Ponga la información donde el respaldo la pueda alcanzar
Un kit en una carpeta en la cocina de usted no sirve si usted está en el hospital y el respaldo vive al otro lado de la ciudad. La información tiene que estar en algún lugar que esa persona pueda abrir desde donde esté: un expediente digital compartido al que ya tenga acceso, con la lista de medicamentos, los médicos, el calendario, las notas y el horario al día, porque usted lo usa todos los días.
Esta es la razón más profunda para llevar el cuidado de un familiar desde un sistema compartido y no desde su propia cabeza. En CareCoordinate, agregar al respaldo al círculo de cuidado significa que puede ver el cuadro completo desde ahora y entrar en él en el momento en que haga falta: no hay nada que entregar, porque nunca estuvo en un solo lugar.
Ensáyelo una vez
Pida al respaldo que cubra un día completo, o un fin de semana, mientras usted de verdad no está, no como favor sino como simulacro. Va a descubrir qué le falta al kit (dónde está la pila de repuesto del aparato auditivo, qué quiere decir «lo de siempre» en la farmacia), y su familiar se va a acostumbrar a verlo en ese papel. Actualice el kit con lo que aprendieron. Un respaldo que ensayó está tranquilo; uno que no ensayó está improvisando en plena crisis.
Cuide también al cuidador
El mejor plan de respaldo es no necesitarlo. Los cuidadores se enferman más seguido cuando están agotados, se saltan sus propias citas y nunca descansan. No falte a sus consultas médicas. Tómese el respiro para el que organizó al respaldo. Dígale al equipo médico de su familiar que usted es el cuidador principal, para que sepan preguntarle cómo va usted. Un plan de respaldo protege a su familiar; cuidarse a usted mismo protege el plan.

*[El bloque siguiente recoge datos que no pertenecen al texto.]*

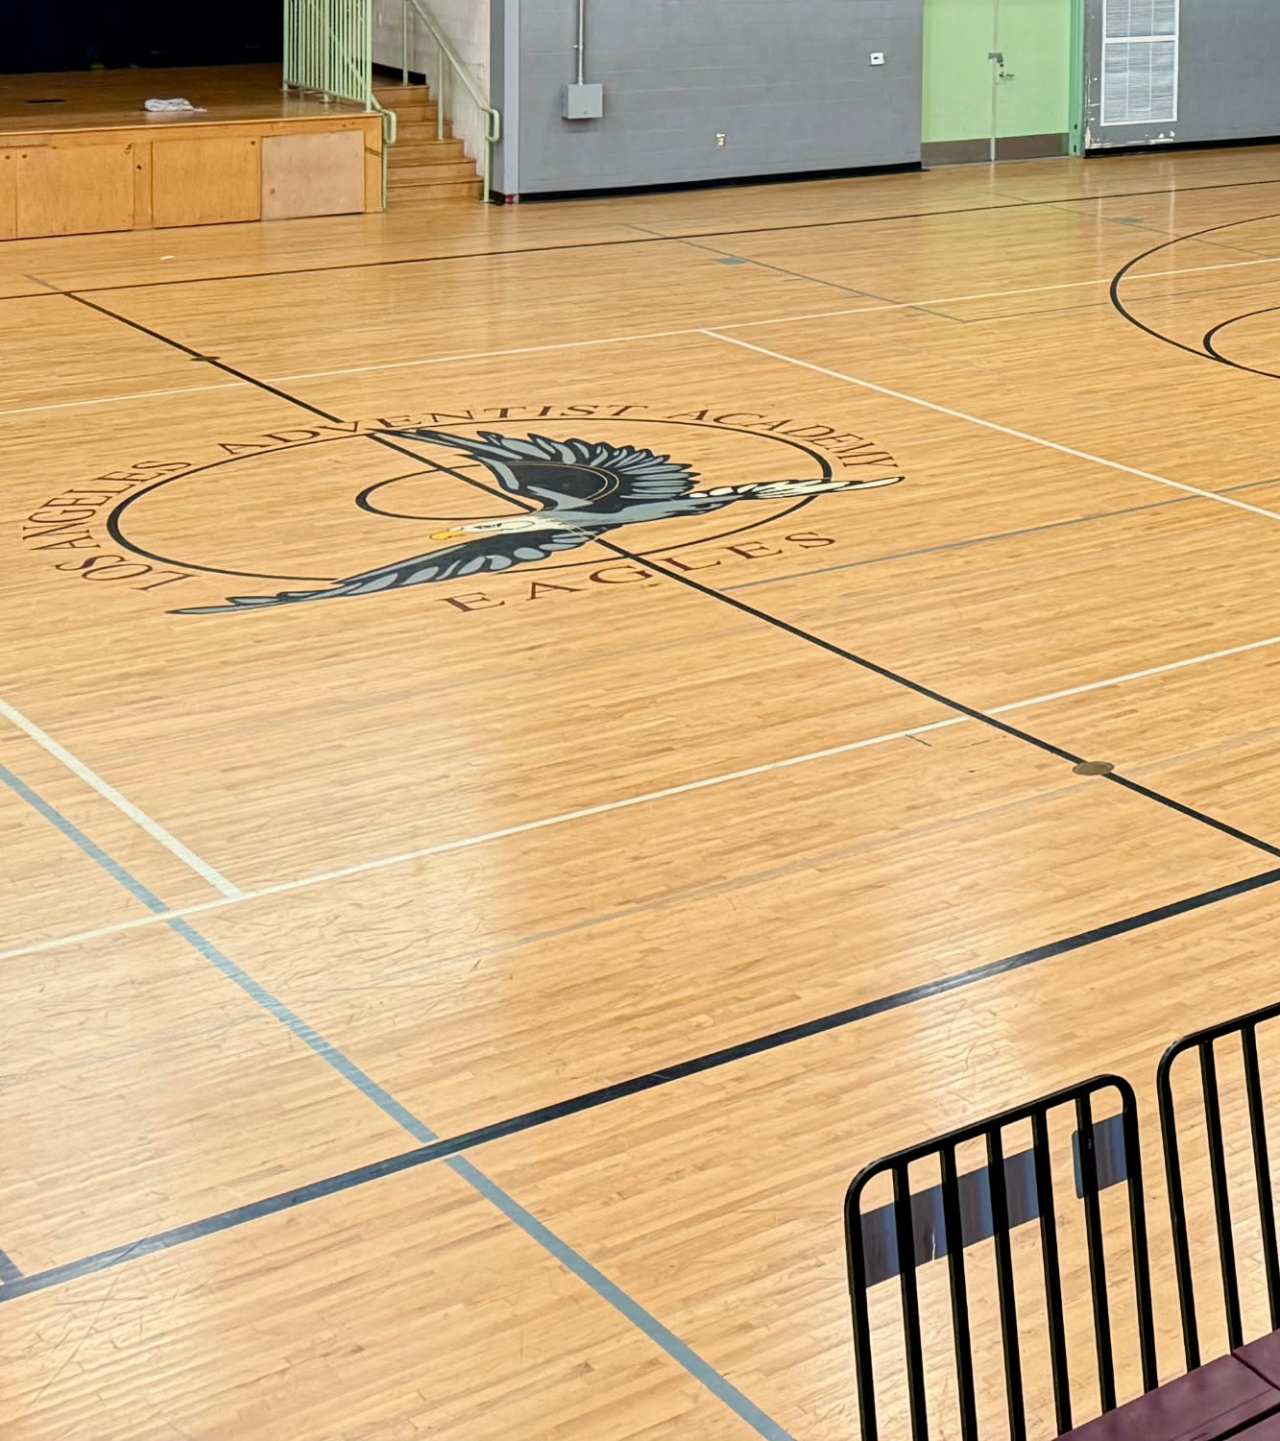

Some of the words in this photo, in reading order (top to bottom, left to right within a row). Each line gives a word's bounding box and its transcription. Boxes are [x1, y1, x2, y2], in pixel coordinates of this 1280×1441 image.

[217, 404, 649, 456] ADVENTIST
[668, 407, 899, 470] ACADEMY
[22, 460, 192, 552] ANGELES
[55, 554, 199, 591] LOS
[443, 529, 837, 613] EAGLES

Nombre a un respaldo y a un segundo, arme un kit de relevo con lo que ya tiene, guarde la información en un lugar compartido que el respaldo pueda abrir desde donde esté, ensáyelo una vez y cuídese usted para que siga siendo un plan y no una anécdota. Una tarde de trabajo contesta la pregunta de las dos de la mañana.

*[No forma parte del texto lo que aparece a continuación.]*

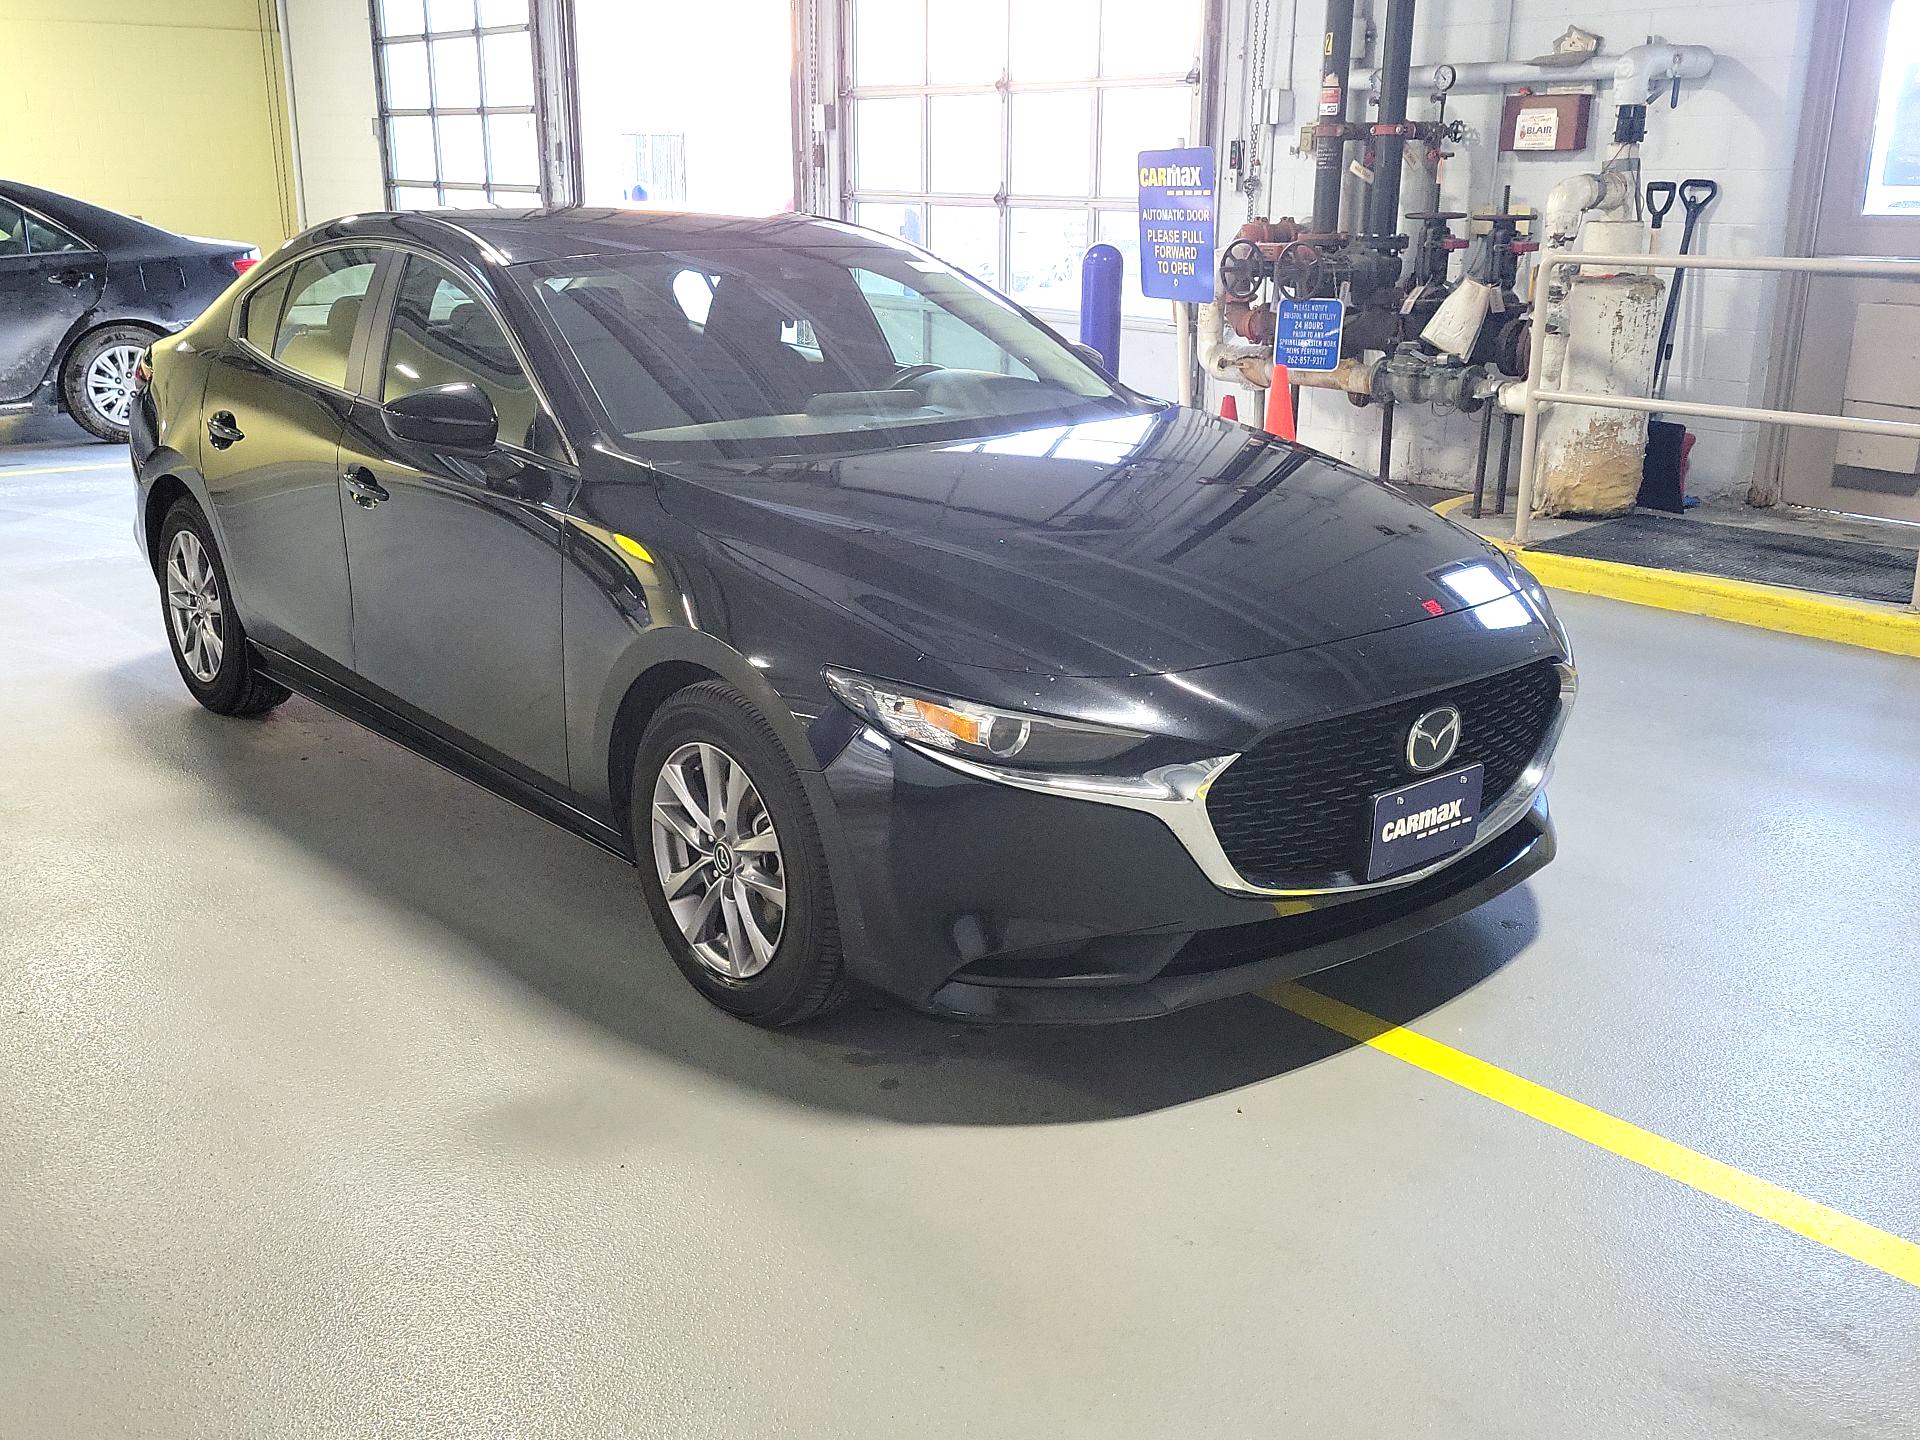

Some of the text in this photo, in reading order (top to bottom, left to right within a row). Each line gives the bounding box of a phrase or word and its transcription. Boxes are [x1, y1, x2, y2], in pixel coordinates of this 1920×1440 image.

[1526, 126, 1552, 135] BLAIR
[1142, 208, 1210, 221] AUTOMATIC DOOR
[1147, 229, 1205, 244] PLEASE PULL
[1154, 245, 1197, 260] FORWARD
[1157, 261, 1195, 276] TO OPEN
[1311, 304, 1328, 312] NOTIFY
[1303, 312, 1319, 320] WATER
[1294, 321, 1324, 330] 24 HOURS
[1292, 330, 1306, 338] PRIOR
[1313, 331, 1324, 339] ANY
[1323, 340, 1337, 348] WORK
[1300, 348, 1328, 356] PERFORMED
[1287, 356, 1326, 365] 262-857-9371

Preguntas que hacen las familias
¿Qué pasa con mi familiar si yo, que soy el cuidador, me enfermo?
- Eso depende por completo de si ya hay un respaldo nombrado y preparado. Escoja desde ahora a un respaldo principal y a un segundo, entrégueles un kit de relevo y acceso al expediente de cuidado compartido, y ensayen una vez para que puedan entrar sin tener que llamarle a usted desde la cama del hospital.
¿Qué debe llevar el kit de relevo de un cuidador?

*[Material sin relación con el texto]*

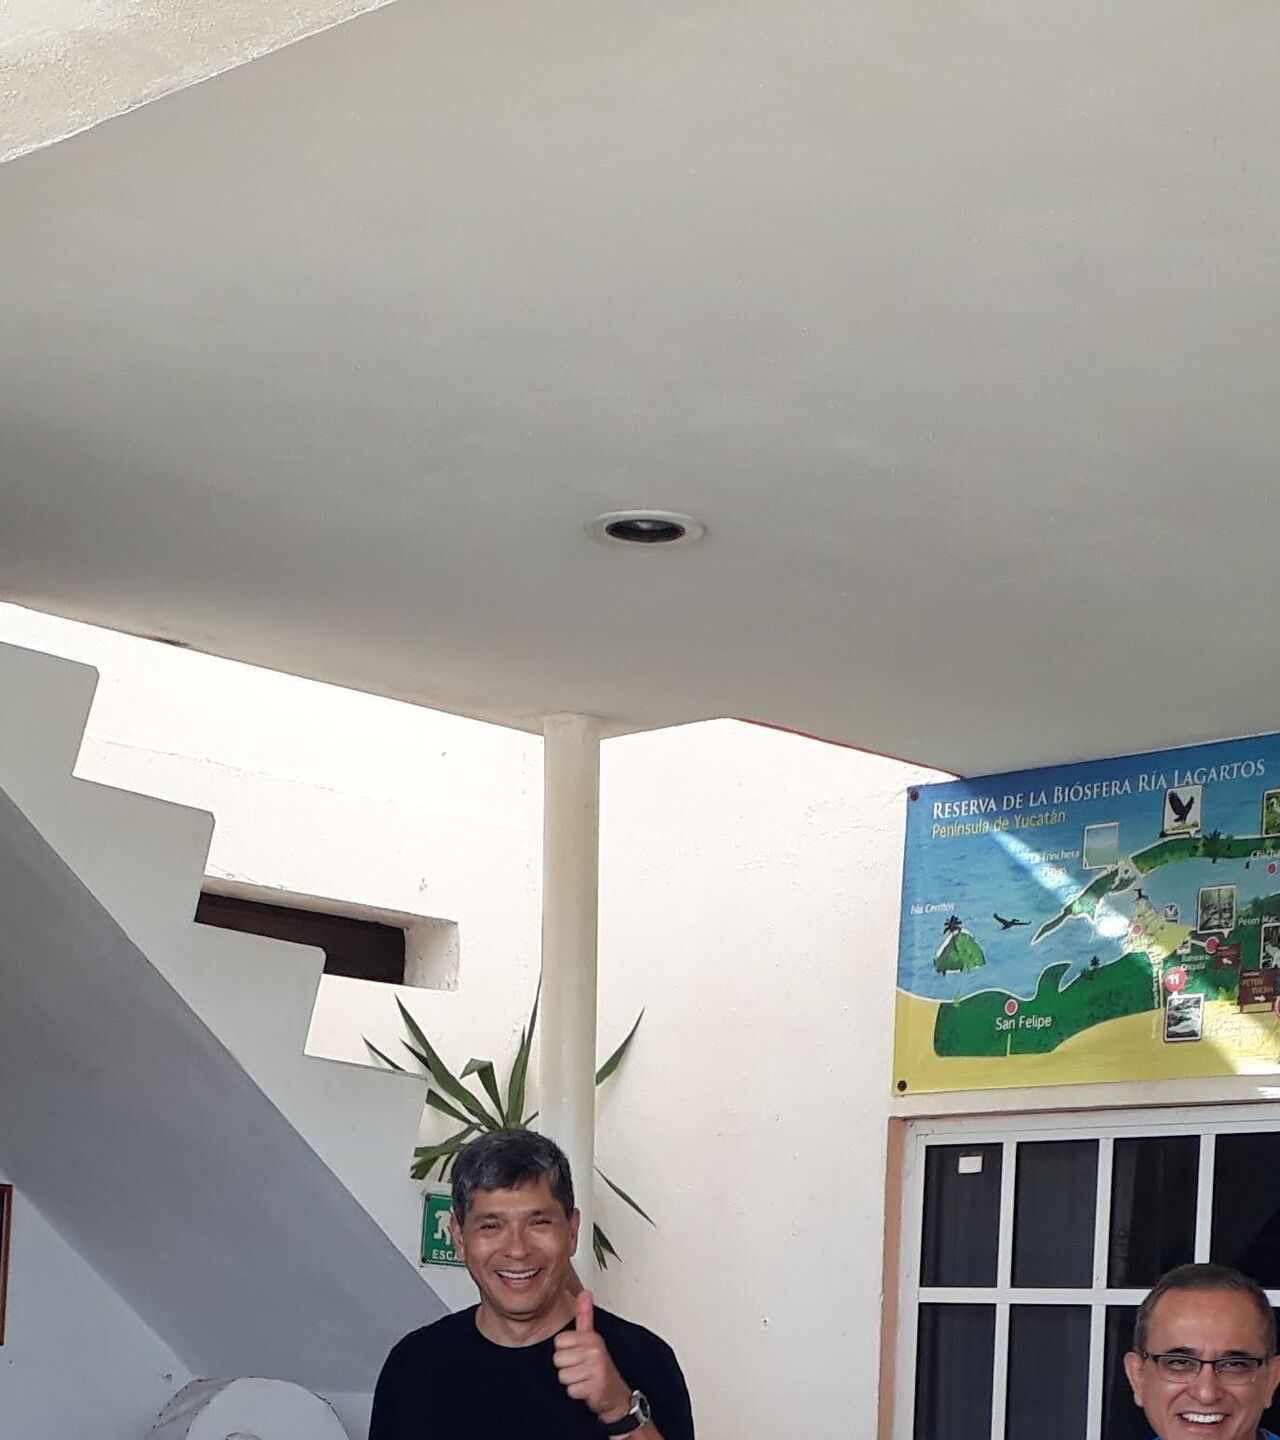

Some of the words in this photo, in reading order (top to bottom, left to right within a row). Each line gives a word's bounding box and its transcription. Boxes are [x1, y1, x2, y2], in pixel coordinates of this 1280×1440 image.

[932, 796, 997, 819] RESERVA
[1002, 794, 1024, 811] DE
[1029, 791, 1048, 808] LA
[1053, 779, 1132, 804] BIÓSFERA
[1138, 772, 1167, 793] RÍA
[1173, 758, 1265, 786] LAGARTOS
[994, 817, 1009, 833] de
[1014, 809, 1066, 829] Yucatán
[995, 1017, 1015, 1031] San
[1018, 1014, 1052, 1031] Felipe

- La hoja de información de emergencia, la lista de medicamentos con la rutina del pastillero, el directorio del equipo de cuidado y las autorizaciones HIPAA, la rutina y el horario de la semana, las próximas citas y cómo se llega a cada una, las llaves y los códigos de alarma, cómo se pagan las cuentas, los datos de los ayudantes pagados, y los gustos y las estrategias que calman a su familiar.
¿Quién puede ser cuidador de respaldo si no hay familia disponible?
- Un gestor de cuidados geriátricos o una agencia de atención domiciliaria con la que ya exista una relación pueden servir como respaldo profesional. Dejarlo listo antes de necesitarlo es muchísimo más fácil que buscar ayuda en plena crisis.